Task details >>
Extract the line that contains "this 1772×1183 image." and every line after it to the end of the records below, exactly as written and nothing else.

(Saved entries)
● ● ●

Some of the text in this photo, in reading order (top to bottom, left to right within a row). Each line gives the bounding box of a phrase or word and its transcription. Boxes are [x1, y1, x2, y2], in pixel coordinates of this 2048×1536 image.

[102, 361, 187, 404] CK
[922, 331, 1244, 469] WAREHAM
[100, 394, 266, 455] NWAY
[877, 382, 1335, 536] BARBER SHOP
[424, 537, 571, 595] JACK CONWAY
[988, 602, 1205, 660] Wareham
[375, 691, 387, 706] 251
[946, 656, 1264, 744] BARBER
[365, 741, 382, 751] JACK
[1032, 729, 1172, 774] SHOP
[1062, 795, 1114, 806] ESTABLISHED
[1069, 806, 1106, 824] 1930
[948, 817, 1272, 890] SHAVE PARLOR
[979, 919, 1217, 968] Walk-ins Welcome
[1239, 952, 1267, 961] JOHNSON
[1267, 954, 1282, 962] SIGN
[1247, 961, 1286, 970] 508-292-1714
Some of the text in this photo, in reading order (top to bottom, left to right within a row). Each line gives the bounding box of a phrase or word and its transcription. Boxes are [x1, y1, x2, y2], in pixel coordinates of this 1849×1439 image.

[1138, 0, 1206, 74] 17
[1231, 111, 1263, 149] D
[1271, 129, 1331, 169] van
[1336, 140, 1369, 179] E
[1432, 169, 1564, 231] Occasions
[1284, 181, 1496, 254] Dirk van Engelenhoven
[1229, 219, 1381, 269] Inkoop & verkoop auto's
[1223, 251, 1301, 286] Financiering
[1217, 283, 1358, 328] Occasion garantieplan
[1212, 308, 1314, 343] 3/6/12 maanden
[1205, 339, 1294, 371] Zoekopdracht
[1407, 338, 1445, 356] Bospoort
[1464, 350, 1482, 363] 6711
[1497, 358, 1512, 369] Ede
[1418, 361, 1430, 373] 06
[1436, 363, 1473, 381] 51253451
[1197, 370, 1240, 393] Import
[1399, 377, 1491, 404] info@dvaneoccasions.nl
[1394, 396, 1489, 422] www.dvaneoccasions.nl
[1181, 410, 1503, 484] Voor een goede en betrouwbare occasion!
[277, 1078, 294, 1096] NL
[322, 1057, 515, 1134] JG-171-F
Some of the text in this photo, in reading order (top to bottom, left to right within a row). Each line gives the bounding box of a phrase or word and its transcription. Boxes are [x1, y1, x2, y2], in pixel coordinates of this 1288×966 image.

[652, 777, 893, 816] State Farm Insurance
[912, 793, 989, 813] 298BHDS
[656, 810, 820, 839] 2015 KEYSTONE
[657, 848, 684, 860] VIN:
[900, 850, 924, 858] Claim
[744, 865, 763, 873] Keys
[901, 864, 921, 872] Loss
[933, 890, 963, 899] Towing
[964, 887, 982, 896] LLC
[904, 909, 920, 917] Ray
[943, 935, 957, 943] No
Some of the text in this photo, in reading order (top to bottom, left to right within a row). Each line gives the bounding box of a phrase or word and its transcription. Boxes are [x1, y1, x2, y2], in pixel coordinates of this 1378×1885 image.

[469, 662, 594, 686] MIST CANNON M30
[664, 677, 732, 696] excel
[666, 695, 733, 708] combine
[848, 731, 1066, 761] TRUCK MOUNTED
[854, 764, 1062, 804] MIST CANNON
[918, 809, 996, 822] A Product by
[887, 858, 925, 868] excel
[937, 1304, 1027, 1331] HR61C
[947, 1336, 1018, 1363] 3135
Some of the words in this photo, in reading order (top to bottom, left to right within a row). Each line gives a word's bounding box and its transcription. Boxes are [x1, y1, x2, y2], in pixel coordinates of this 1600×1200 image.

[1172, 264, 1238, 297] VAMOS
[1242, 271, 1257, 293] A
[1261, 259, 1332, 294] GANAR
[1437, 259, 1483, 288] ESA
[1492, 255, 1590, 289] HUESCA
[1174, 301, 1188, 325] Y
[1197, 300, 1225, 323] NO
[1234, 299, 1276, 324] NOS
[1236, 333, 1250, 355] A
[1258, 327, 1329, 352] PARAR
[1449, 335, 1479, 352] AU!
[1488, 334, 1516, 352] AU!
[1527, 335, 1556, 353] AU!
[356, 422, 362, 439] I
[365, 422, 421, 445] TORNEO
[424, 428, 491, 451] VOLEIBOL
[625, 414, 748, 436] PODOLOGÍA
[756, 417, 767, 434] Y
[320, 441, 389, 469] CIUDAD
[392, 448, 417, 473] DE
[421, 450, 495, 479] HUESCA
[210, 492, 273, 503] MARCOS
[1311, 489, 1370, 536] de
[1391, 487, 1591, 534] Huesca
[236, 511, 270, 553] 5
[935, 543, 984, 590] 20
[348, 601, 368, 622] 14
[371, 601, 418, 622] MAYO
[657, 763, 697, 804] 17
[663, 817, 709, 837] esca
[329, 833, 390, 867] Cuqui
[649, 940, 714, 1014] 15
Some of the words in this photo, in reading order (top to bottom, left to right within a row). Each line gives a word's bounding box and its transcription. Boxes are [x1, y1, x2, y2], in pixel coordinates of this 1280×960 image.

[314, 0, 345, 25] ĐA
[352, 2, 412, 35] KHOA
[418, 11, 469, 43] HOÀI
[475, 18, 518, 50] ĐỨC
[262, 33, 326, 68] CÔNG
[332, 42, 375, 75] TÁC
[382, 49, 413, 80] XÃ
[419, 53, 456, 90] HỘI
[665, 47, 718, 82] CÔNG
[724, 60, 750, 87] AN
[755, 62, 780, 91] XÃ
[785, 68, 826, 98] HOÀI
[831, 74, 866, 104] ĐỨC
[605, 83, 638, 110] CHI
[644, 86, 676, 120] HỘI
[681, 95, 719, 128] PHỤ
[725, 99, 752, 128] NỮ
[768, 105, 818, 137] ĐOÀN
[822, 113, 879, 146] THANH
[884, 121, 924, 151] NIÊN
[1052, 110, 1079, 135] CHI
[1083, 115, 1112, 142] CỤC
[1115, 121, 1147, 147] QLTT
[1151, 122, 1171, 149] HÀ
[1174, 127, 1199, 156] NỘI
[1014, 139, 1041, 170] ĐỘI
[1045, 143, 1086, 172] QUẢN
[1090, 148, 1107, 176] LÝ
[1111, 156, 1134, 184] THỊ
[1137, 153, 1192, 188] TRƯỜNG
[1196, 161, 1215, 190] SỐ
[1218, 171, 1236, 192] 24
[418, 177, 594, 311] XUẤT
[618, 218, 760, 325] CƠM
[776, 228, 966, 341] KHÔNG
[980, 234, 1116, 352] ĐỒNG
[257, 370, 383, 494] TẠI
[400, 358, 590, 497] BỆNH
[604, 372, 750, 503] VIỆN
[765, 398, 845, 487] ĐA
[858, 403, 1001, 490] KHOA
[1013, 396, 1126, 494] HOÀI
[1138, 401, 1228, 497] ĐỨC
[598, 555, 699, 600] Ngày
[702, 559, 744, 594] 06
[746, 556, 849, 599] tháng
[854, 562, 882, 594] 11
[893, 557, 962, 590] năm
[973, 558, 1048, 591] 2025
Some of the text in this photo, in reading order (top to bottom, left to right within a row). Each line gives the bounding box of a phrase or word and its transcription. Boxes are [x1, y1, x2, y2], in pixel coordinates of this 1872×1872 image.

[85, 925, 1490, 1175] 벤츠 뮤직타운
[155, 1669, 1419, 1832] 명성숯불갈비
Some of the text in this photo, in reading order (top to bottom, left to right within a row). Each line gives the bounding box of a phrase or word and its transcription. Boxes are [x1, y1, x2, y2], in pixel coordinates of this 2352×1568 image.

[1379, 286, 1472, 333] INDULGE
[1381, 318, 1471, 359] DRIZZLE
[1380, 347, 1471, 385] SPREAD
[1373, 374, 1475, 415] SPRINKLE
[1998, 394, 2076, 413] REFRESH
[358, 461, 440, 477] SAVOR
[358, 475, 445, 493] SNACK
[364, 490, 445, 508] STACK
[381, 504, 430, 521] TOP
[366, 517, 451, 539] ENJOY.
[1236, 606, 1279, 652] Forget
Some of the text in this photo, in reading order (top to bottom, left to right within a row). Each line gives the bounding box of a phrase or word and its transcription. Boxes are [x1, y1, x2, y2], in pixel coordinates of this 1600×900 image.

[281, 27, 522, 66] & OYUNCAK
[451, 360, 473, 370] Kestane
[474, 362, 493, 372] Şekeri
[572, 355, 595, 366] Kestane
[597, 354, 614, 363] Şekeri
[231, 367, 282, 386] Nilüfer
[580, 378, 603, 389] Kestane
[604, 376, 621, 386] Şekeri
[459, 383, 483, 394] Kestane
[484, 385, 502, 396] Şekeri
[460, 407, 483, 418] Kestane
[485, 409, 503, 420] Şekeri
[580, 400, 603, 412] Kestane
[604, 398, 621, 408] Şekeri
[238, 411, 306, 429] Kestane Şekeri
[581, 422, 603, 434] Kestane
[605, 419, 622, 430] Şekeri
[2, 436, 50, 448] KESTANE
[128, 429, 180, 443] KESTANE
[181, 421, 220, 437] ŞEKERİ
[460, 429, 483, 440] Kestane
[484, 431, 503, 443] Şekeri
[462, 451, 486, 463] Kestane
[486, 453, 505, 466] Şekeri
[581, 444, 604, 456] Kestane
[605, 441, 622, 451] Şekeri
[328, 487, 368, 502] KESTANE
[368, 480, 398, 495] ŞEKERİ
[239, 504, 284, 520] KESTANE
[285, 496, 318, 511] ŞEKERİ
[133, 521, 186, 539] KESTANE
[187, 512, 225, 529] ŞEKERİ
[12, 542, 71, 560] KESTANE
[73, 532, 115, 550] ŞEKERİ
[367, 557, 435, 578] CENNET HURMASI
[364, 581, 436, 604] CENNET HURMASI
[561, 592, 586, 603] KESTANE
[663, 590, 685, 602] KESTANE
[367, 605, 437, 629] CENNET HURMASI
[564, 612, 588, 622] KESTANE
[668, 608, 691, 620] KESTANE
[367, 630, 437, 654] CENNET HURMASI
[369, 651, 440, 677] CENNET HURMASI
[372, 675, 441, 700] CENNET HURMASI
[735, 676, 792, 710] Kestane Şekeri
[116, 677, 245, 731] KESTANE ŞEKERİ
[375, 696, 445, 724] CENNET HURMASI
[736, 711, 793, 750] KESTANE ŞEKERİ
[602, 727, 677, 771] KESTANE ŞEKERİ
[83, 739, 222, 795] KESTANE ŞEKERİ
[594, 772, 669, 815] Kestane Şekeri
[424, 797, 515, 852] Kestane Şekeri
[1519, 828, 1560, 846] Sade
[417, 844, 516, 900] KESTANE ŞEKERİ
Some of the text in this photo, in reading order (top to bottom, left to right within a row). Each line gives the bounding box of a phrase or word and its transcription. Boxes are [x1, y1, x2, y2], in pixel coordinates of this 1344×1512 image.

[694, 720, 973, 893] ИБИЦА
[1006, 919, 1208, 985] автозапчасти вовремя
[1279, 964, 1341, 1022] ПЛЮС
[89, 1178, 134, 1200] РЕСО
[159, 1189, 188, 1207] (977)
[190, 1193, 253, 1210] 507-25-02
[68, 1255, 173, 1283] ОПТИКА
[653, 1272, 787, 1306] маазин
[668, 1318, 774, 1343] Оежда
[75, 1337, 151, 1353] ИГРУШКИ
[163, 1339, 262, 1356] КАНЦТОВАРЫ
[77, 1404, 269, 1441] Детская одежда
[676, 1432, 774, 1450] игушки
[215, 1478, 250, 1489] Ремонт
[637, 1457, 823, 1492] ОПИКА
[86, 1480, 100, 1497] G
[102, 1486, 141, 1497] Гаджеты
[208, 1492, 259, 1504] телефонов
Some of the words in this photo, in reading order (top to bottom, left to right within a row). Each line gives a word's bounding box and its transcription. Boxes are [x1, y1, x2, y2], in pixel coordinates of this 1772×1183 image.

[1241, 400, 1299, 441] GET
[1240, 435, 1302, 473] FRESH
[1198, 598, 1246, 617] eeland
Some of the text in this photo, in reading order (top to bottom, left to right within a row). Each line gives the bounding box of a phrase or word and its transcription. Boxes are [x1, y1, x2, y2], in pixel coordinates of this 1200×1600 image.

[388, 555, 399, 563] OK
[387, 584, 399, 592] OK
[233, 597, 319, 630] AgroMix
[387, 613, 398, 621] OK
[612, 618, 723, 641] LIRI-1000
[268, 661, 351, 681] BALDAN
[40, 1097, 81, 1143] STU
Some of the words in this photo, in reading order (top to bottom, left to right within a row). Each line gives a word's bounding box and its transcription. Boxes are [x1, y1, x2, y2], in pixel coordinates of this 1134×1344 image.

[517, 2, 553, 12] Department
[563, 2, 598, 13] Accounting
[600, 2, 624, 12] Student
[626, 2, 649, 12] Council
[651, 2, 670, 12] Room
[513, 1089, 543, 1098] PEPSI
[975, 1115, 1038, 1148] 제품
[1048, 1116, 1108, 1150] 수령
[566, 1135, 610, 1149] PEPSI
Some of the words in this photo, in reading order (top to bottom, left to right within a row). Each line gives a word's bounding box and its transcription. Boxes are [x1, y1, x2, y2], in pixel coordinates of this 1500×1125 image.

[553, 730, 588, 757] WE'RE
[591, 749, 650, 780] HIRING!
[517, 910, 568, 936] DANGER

● ● ●

Solved exercise >>
Some of the words in this photo, in reading order (top to bottom, left to right within a row). Each line gives a word's bounding box and its transcription. Boxes are [x1, y1, x2, y2], in pixel coordinates of this 1772×1183 image.

[1241, 400, 1299, 441] GET
[1240, 435, 1302, 473] FRESH
[1198, 598, 1246, 617] eeland
Some of the text in this photo, in reading order (top to bottom, left to right within a row). Each line gives the bounding box of a phrase or word and its transcription. Boxes are [x1, y1, x2, y2], in pixel coordinates of this 1200×1600 image.

[388, 555, 399, 563] OK
[387, 584, 399, 592] OK
[233, 597, 319, 630] AgroMix
[387, 613, 398, 621] OK
[612, 618, 723, 641] LIRI-1000
[268, 661, 351, 681] BALDAN
[40, 1097, 81, 1143] STU
Some of the words in this photo, in reading order (top to bottom, left to right within a row). Each line gives a word's bounding box and its transcription. Boxes are [x1, y1, x2, y2], in pixel coordinates of this 1134×1344 image.

[517, 2, 553, 12] Department
[563, 2, 598, 13] Accounting
[600, 2, 624, 12] Student
[626, 2, 649, 12] Council
[651, 2, 670, 12] Room
[513, 1089, 543, 1098] PEPSI
[975, 1115, 1038, 1148] 제품
[1048, 1116, 1108, 1150] 수령
[566, 1135, 610, 1149] PEPSI
Some of the words in this photo, in reading order (top to bottom, left to right within a row). Each line gives a word's bounding box and its transcription. Boxes are [x1, y1, x2, y2], in pixel coordinates of this 1500×1125 image.

[553, 730, 588, 757] WE'RE
[591, 749, 650, 780] HIRING!
[517, 910, 568, 936] DANGER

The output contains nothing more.